With the authentication process, it can also encrypt all of their
communications to assure privacy and data integrity as a security
feature option. Kerberos authentication involves three parties: a
client, a server and a Key Distribution Center (KDC). A Kerberos
client acts on a user's behalf and is usually modified from a
standard client program by adding Kerberos related functions. A
Kerberos KDC services both initial ticket and service-special ticket
requests. The initial ticket portion is referred to as the
Authentication Server (AS), and the service-special ticket portion
is referred to as the ticket-granting server (TGS).
The standard Kerberos authentication scheme [RFC1510][NKT97] has
three phases. A client starts AS exchange phase by sending a request
to the AS for an initial ticket at first time login. This request is
sent in the clear and contains no sensitive information. The AS
generates and sends back the initial ticket that includes a session
key and a ticket-granting ticket. The session key is encrypted by
user's secret key and will be shared between the user and the TGS.

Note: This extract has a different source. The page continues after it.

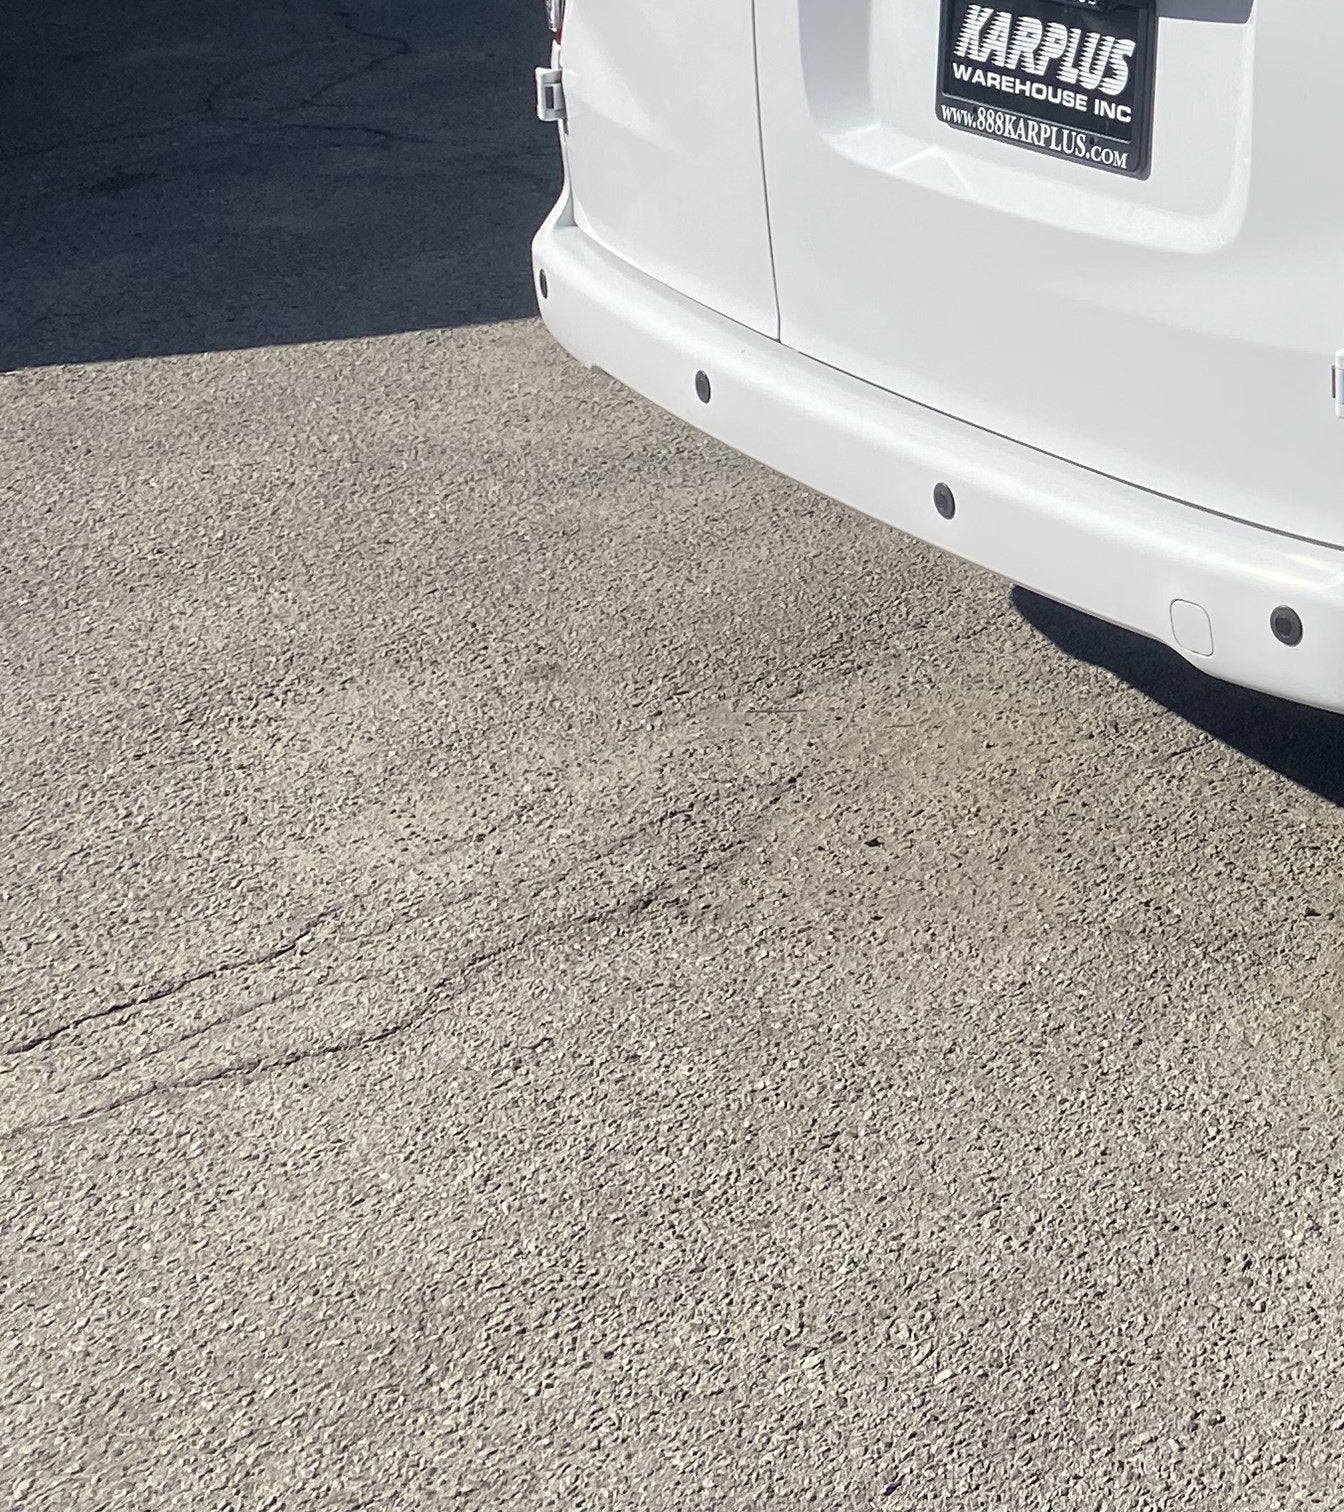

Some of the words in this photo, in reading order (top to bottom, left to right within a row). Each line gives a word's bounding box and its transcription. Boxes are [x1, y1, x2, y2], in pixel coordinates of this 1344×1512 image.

The ticket-granting ticket contains a copy of the session key and is
encrypted under a secret key known only to the KDC. The client asks
for the user's password and converted into the user's secret key
using a one-way hash. The key is then used to decrypt the session
key from the AS. The ticket-granting ticket and decrypted session
key are saved as credentials.
The second phase is the TGS request and response. Before the client
makes a service connection, it first communicates with the TGS for a
server-special ticket. The client uses credential information and
makes a request by sending the ticket-granting ticket, and identity
information encrypted under the session key shared between the user
and the TGS. After verifying the authentication of the client, the
TGS sends to the client a server-special ticket encrypted under the
server's secret key and a new session key encrypted by the original
session key. This new session key will be shared between the client
and requested server.
The client then connects the server and presents the server-special
ticket from TGS. The server retrieves its own secret key from a
secured local file, and uses this key to decrypt the ticket. There
is a copy of the new session key in the ticket. If everything goes
smoothly, the server gets the new session key and proves the
client's (user's) identity. This ends the application authentication
(AP) exchange phase.
The standard Kerberos scheme requires that the client contact the KDC
not only at first login but each time for a new server connection.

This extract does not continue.